== Exercise input ==
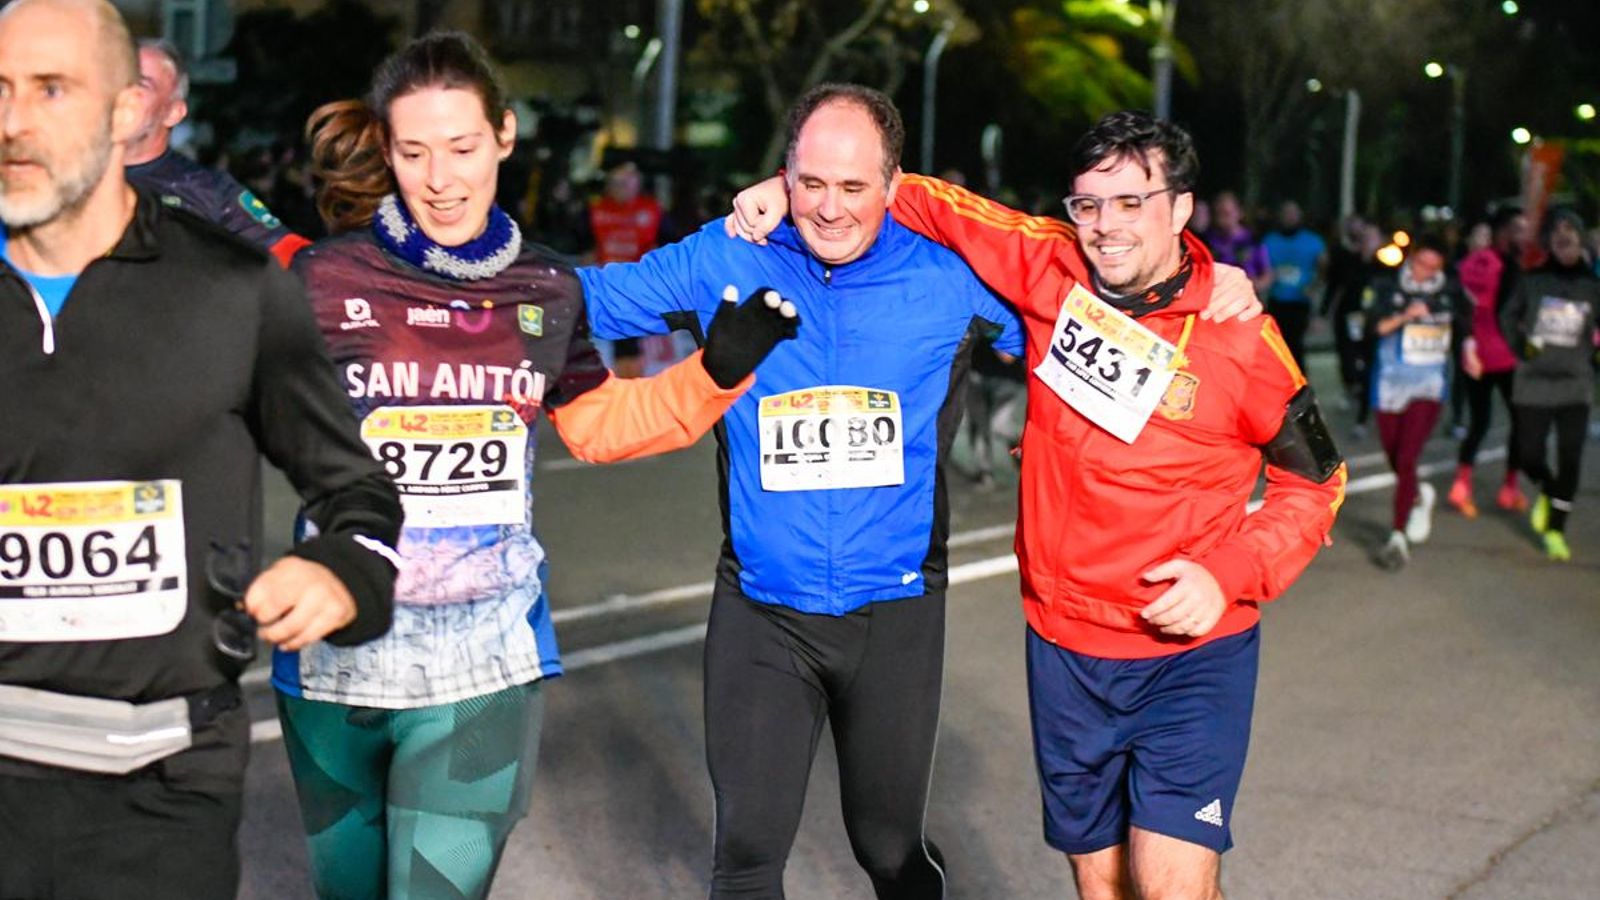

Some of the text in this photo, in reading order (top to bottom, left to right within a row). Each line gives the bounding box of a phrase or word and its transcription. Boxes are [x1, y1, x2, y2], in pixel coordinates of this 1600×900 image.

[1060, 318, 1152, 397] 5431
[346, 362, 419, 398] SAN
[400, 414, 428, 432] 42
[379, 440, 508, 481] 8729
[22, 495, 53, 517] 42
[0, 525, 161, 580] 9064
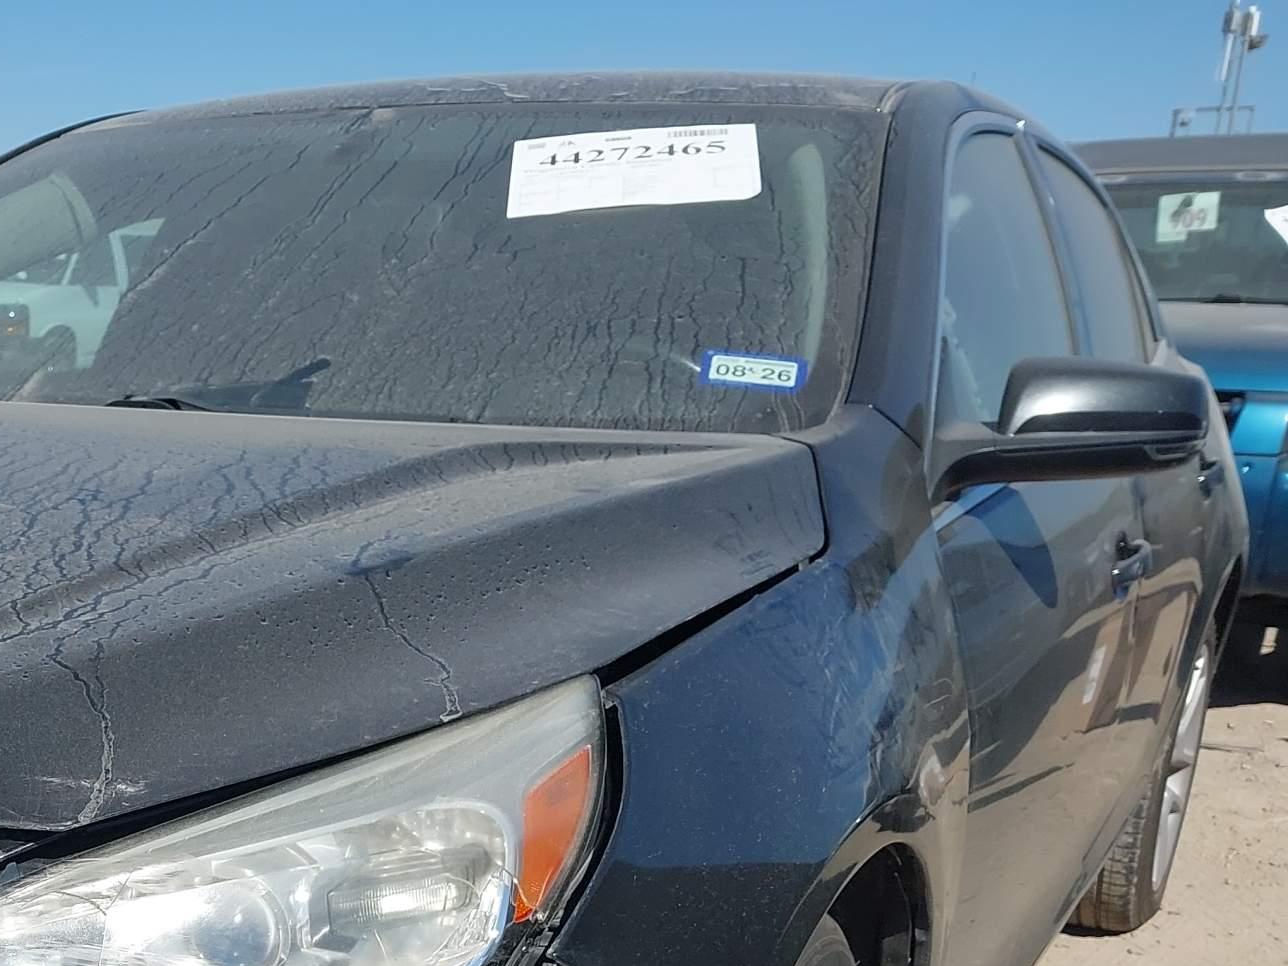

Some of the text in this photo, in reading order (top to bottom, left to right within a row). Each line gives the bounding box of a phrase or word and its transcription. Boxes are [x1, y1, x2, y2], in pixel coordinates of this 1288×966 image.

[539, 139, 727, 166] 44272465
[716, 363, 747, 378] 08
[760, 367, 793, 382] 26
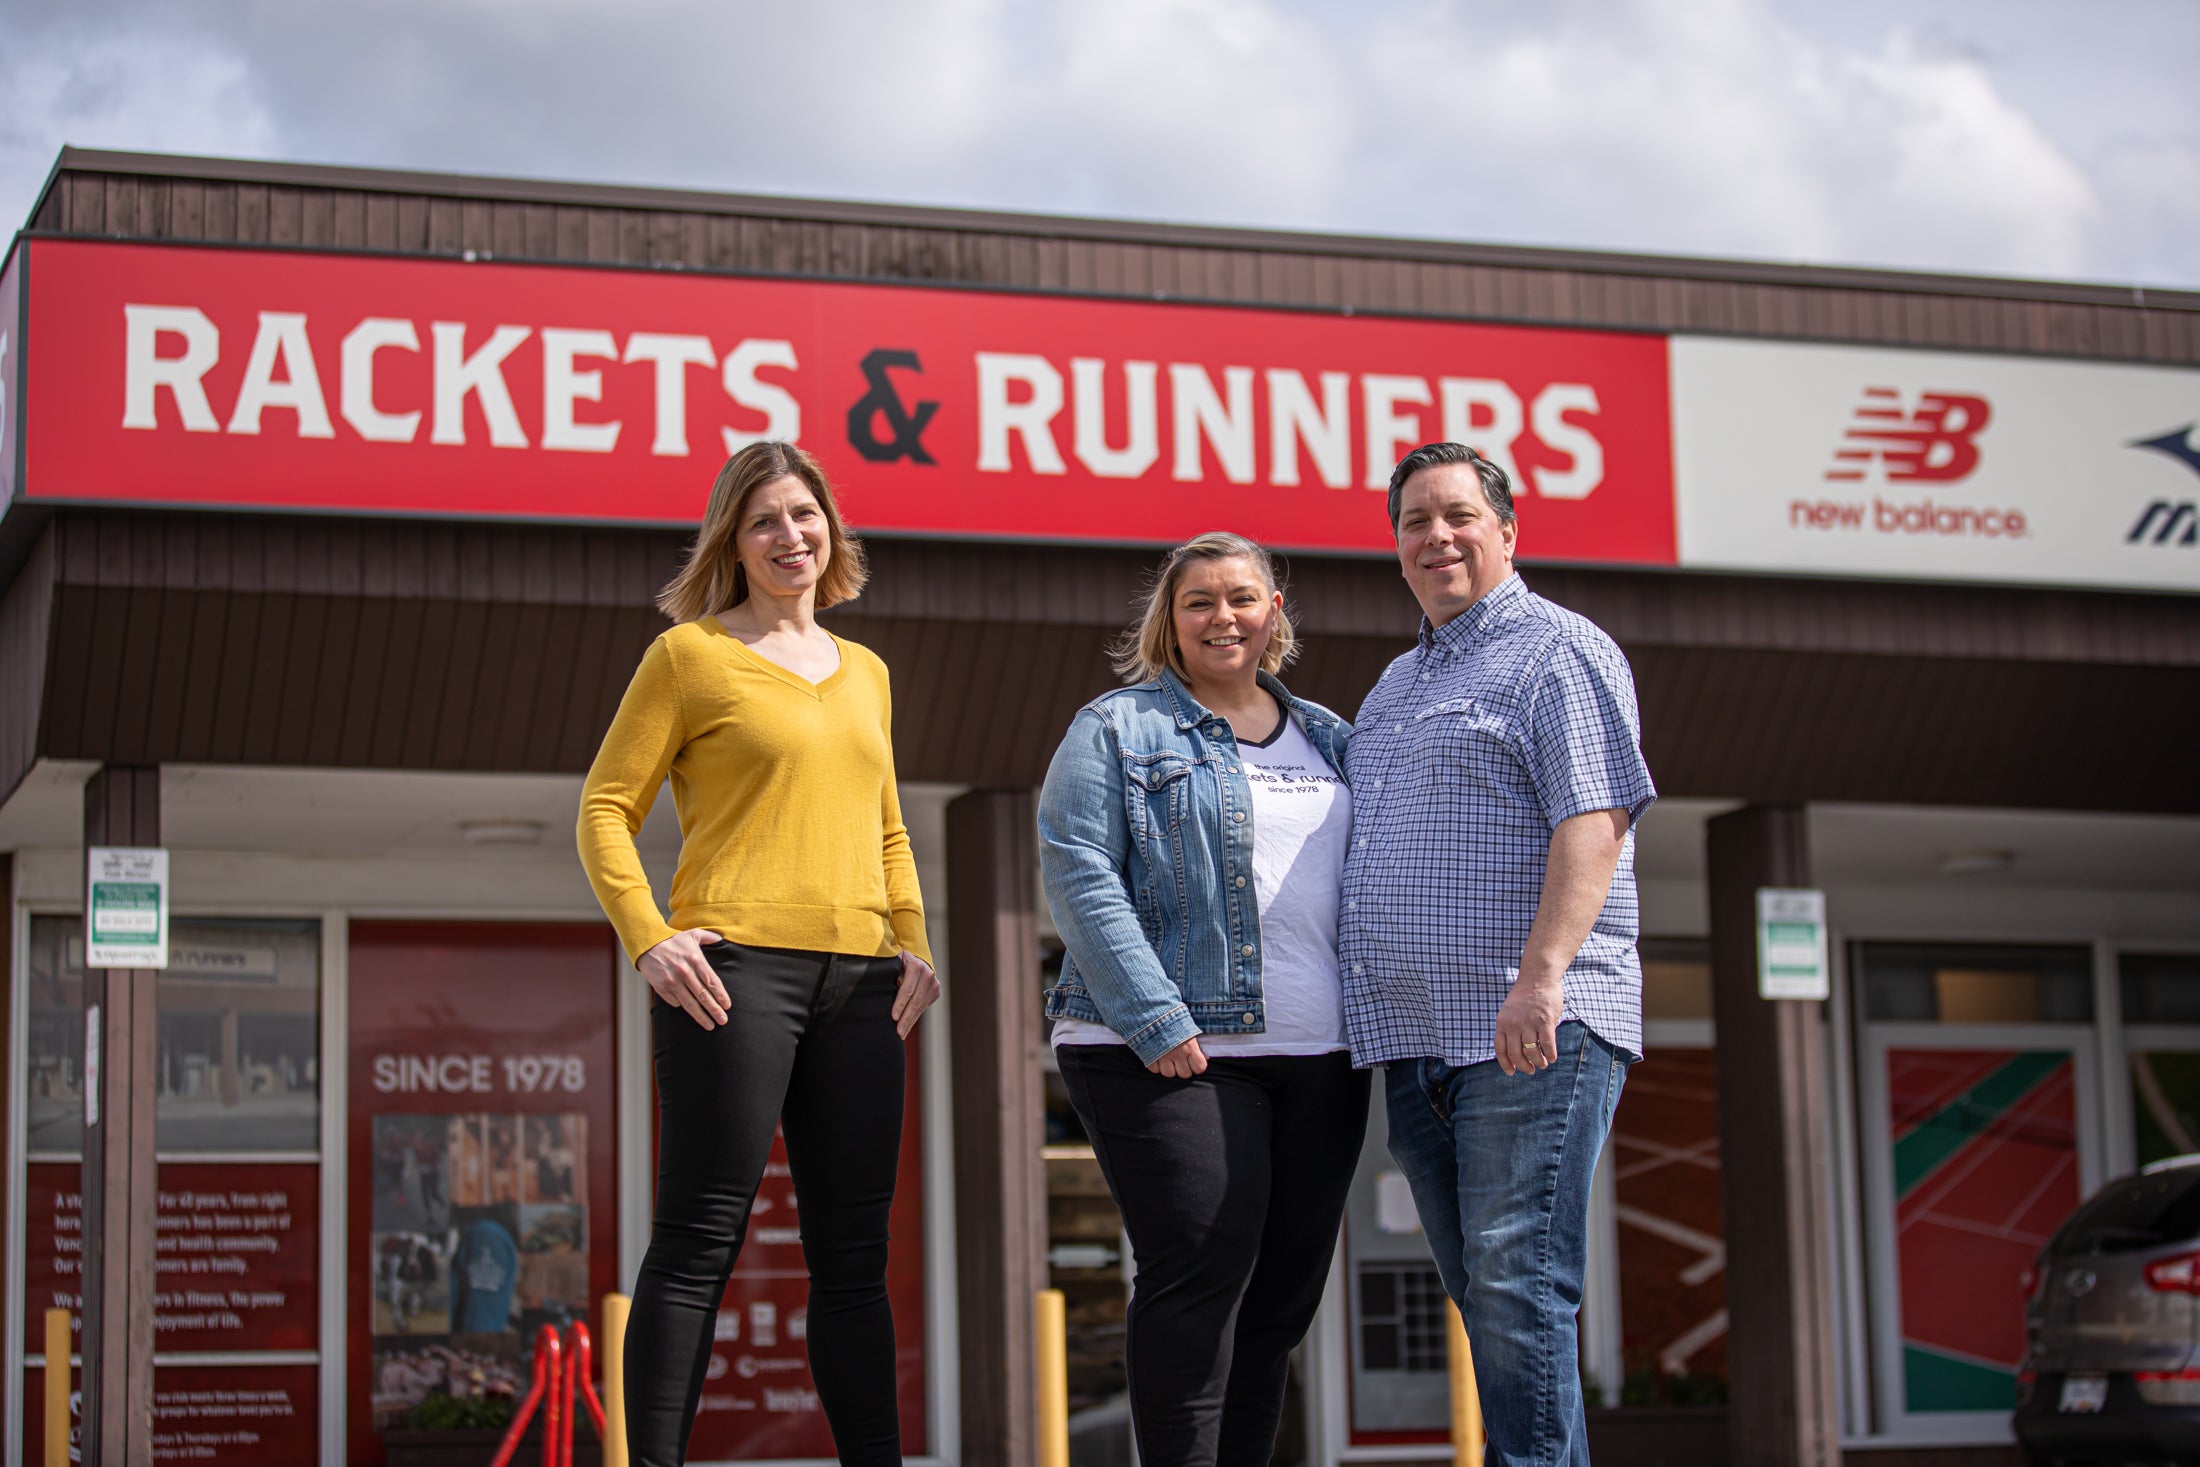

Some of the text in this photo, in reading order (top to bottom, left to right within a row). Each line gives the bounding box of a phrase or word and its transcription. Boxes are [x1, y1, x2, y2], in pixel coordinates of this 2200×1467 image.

== What the task requires ==
Output the complete listing exactly as it appears, except for the images.

== Exercise result ==
Some of the text in this photo, in reading order (top to bottom, left to right within a row). Each line gives the bounding box of a phrase or word and its transcription. Boxes are [x1, y1, x2, y2], in pixel coordinates of this 1600×900 image.

[1060, 318, 1152, 397] 5431
[346, 362, 419, 398] SAN
[400, 414, 428, 432] 42
[379, 440, 508, 481] 8729
[22, 495, 53, 517] 42
[0, 525, 161, 580] 9064

Some of the text in this photo, in reading order (top to bottom, left to right within a row). Each line gives the bounding box of a phrase or word and its transcription. Boxes are [x1, y1, x2, y2], in pixel coordinates of this 1288×966 image.

[539, 139, 727, 166] 44272465
[716, 363, 747, 378] 08
[760, 367, 793, 382] 26

Some of the text in this photo, in reading order (top to bottom, left to right within a row). Each line gives the bounding box of a phrase or word and its transcription. Boxes are [x1, y1, x2, y2], in pixel coordinates of this 2200×1467 image.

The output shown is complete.